What You Need to Know About S Corporations
If you are about to start your own business, then you need to take time and look into S corporations. Sole proprietors and general partners are encouraged to incorporate their businesses into S corporations and reap the benefits of doing so. There is a common misconception that incorporating businesses into S corporations is both expensive and time-consuming. We can describe an S corporation as an enterprise whose income taxes are paid by shareholders and not the company. All items of S corporations' returns are passed to shareholders, meaning that they get to be reported in their individual returns. The shareholders of S corporations do not have to worry about their personal assets being seized in times of bankruptcy because S corporations are held independently.
An S corporation is similar to a sole proprietorship or a partnership in the case of passing incomes and losses to shareholders. This is vital because it ensures that the owners of a business are not taxed twice. Losses and incomes passed on to the shareholders are subject to an individual tax rate. Shareholders only pay tax once, that is at the individual level. There are many benefits to S corporations, as will be seen in this article.
The first benefit of S corporations lies in its mode of taxation. There is pass-through taxation in S corporations. S corporations are therefore exempted from paying taxes at the corporate level. Pass-through taxation means that the shareholders in an S corporation are required to report their share of the corporation's incomes or losses in their individual returns. If a corporation incurs losses, its shareholders can use this to their advantage since losses offset other incomes, thereby reducing total tax liability.
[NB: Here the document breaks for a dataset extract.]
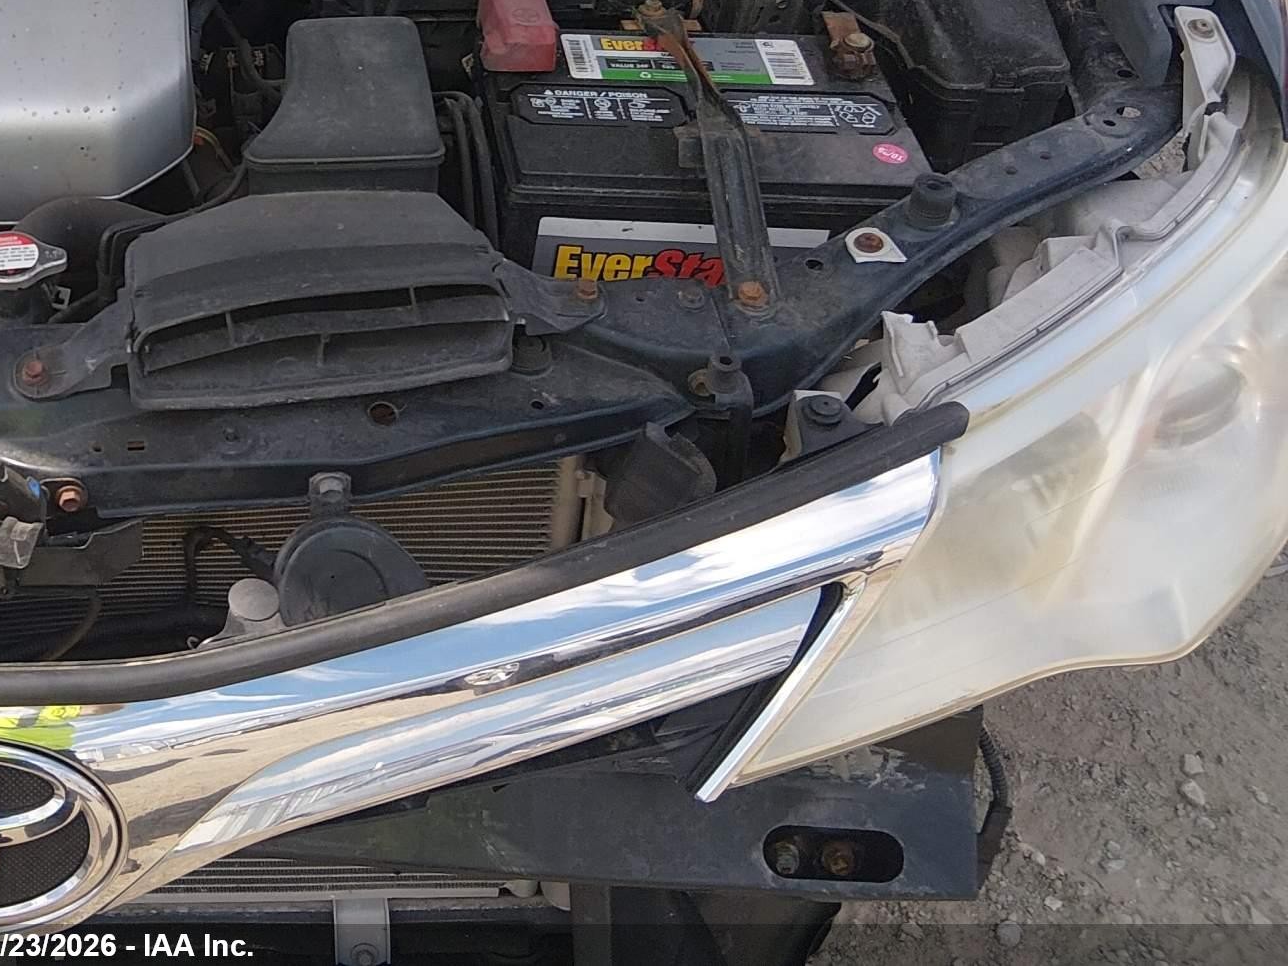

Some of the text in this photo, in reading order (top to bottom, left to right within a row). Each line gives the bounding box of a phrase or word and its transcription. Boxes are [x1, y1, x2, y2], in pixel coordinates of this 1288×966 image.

[554, 89, 598, 97] DANGER
[608, 91, 648, 99] POISON
[553, 244, 727, 287] EverSta
This is a major benefit for shareholders of start-ups.
The second advantage of S corporations is that they allow for a straightforward transfer of business ownership. S corporations are better than partnerships and limited liability companies when it comes to the transfer of interests because they can do so without triggering business termination or drastic tax consequences. S corporations are not required to make complicated adjustments to property every time there is a transfer of interest.
The other benefit lies in the protection of shareholders' assets. No shareholder is held liable for the corporation's debts unless they offer an express personal guarantee. What this means is that you are protected from the corporation's creditors. This is unlike general partnerships and sole proprietorships, where the business and its owners are considered one.